In our baptism we are entrusted with a vocational call that includes the proclamation of the Good News, service to and among one another, and the work of justice and peace. This latter call, to strive for a just world, is one that many of our congregations have been wrestling with in new and meaningful ways over the last handful of years. The pandemic shined a light on many of the economic and healthcare inequities that have been operating for decades. And the murders of George Floyd, Breonna Taylor, and Ahmaud Arbery renewed our country’s movements for racial justice and an end to police violence.
Congregations I know have learned the skills of organized direct action and community organizing. They’ve participated in anti-racism training and intercultural development. And they have been intentional about sharing resources with organizations who are on the frontlines of racial and economic justice movements.
This is good and holy work, and I am so happy to see congregations thinking critically about their role in movements for justice. But I also want to invite us to think about where churches have the greatest potential for impact.
I am a big believer in congregations as place-based communities, who live as neighbors and residents in a particular geography, and who accompany their neighbors in their life together. In my opinion, the work of justice for faith communities is most powerfully grounded in the neighborhood or community in which the church is located. God has called us to be Good News in a particular place, among a particular people. And if we are serious about striving for justice and peace, I believe we must begin in our communities.
Far too often our focus as churches can over-emphasize broad issues of national injustice, while stepping over the “less interesting” and more concrete injustices operating in the few blocks or miles around our buildings. Policing, affordable housing, access to education and health care—most of this hits hardest in our neighborhoods, and our call as people of the Crucified One, is to step into the places where God has put us, and to live justly among our neighbors.
Additionally, our justice work often focuses on issues and problems, rather than on people and capacities. We see our neighborhoods and our cities as networks of need, rather than networks of gifts and strengths. So, we engage our neighbors as folks in need of our service and retain a position of disconnection and paternalism. This keeps our justice work grounded in our own self-interest and desire, rather than in the lived experience of our neighbors.
Any community organizer worth their salt will tell you that social change is rooted in strong communities, shared self-interest, and trust. Just and healthy communities are connected communities, and in my opinion a big part of our call to strive for justice and peace is to build the kind of sustainable and accompanying relationships with our neighbors that can nurture trustful movements. Churches are uniquely set up to excel in this connector role.
This work is slow and simple. It is not sexy, and it will not result in swift change. It is the slow and steady work of building relationships person by person. It means finding ways for your congregation to spend intentional time together in your neighborhood, outside of your building. It means developing the art of small talk and informal chats.
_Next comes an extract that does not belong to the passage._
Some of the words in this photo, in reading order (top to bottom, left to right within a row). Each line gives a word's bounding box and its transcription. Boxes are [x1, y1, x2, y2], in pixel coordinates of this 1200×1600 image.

It means practicing the ministry of presence, developing the humility and curiosity to see our neighbors as Beloved, and investing in those simple community development practices like shared meals and asset-mapping.
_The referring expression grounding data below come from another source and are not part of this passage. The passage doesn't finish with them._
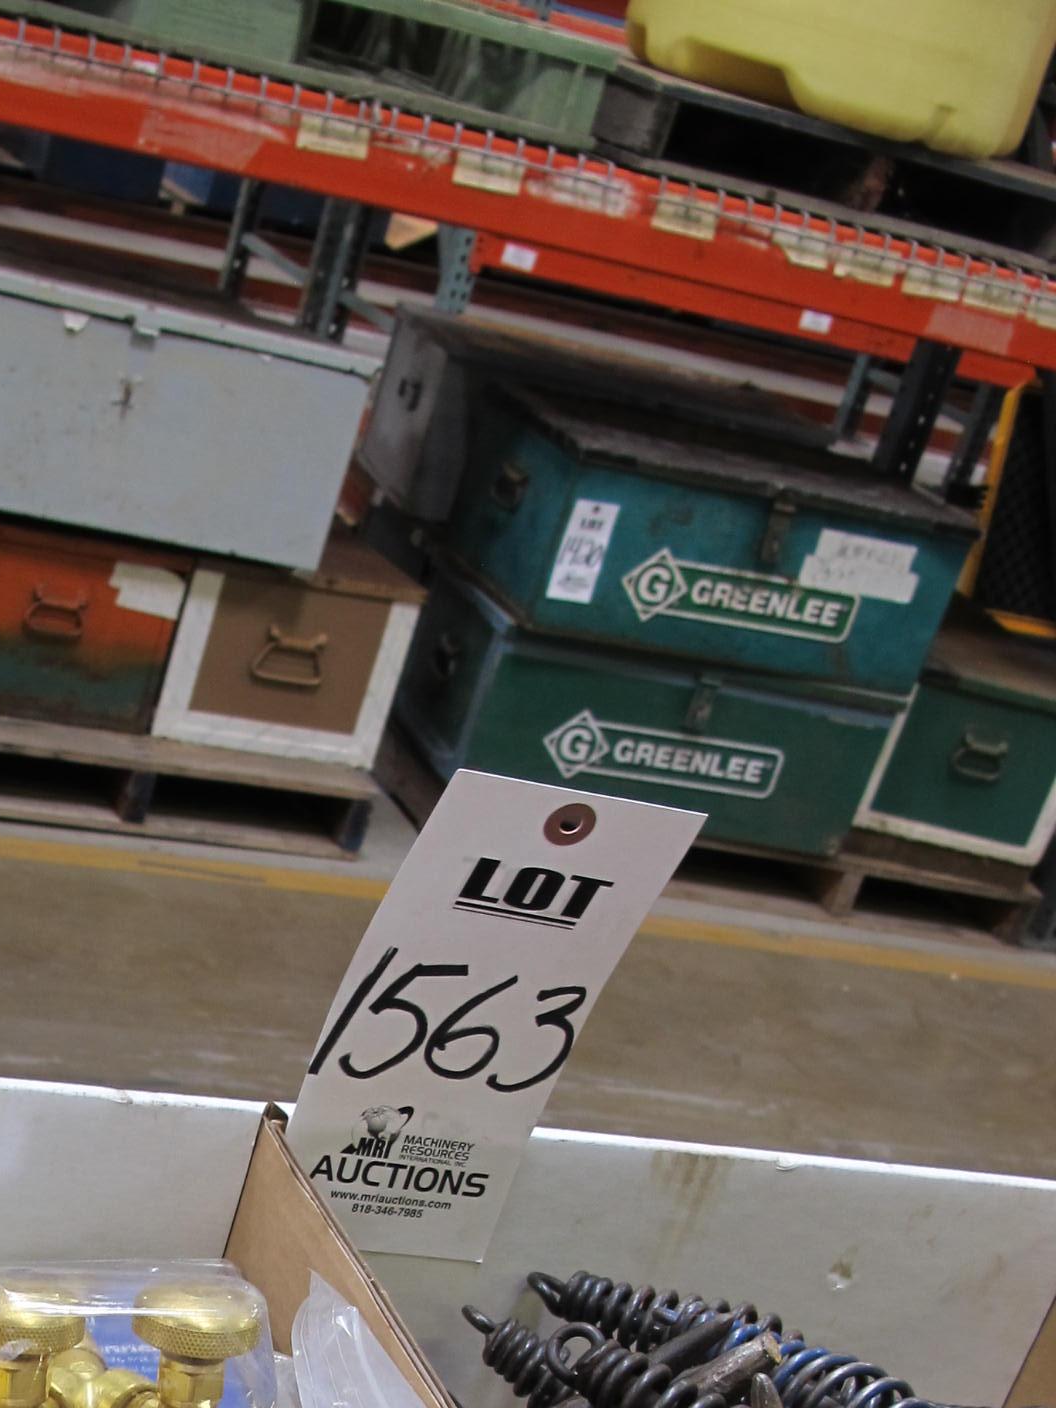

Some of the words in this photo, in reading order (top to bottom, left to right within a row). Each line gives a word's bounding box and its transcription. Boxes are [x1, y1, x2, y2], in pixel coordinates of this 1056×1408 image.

[691, 579, 842, 627] GREENLEE
[613, 740, 764, 783] GREENLEE
[459, 857, 614, 920] LOT
[307, 946, 587, 1093] 1563
[358, 1138, 393, 1159] MRI
[404, 1135, 476, 1151] MACHINERY
[401, 1145, 469, 1161] RESOURCES
[310, 1155, 489, 1197] AUCTIONS
[331, 1189, 451, 1209] www.mriauctions.com
[352, 1204, 424, 1218] 818-346-7985
I’ve written previously about some of these practices on the Sparkhouse Blog, and there are plenty of resources available for communities seeking to learn more about asset-based community development. But, in my mind, the best resource is your neighborhood. So, gather some of your congregation members and take a walk. Introduce yourselves to your neighbors. Show up when your community gathers. Be a good and trustworthy neighbor. Remember, God is already at work in our communities, and we have been invited to participate in God’s justice right here—right now. Thanks be to God.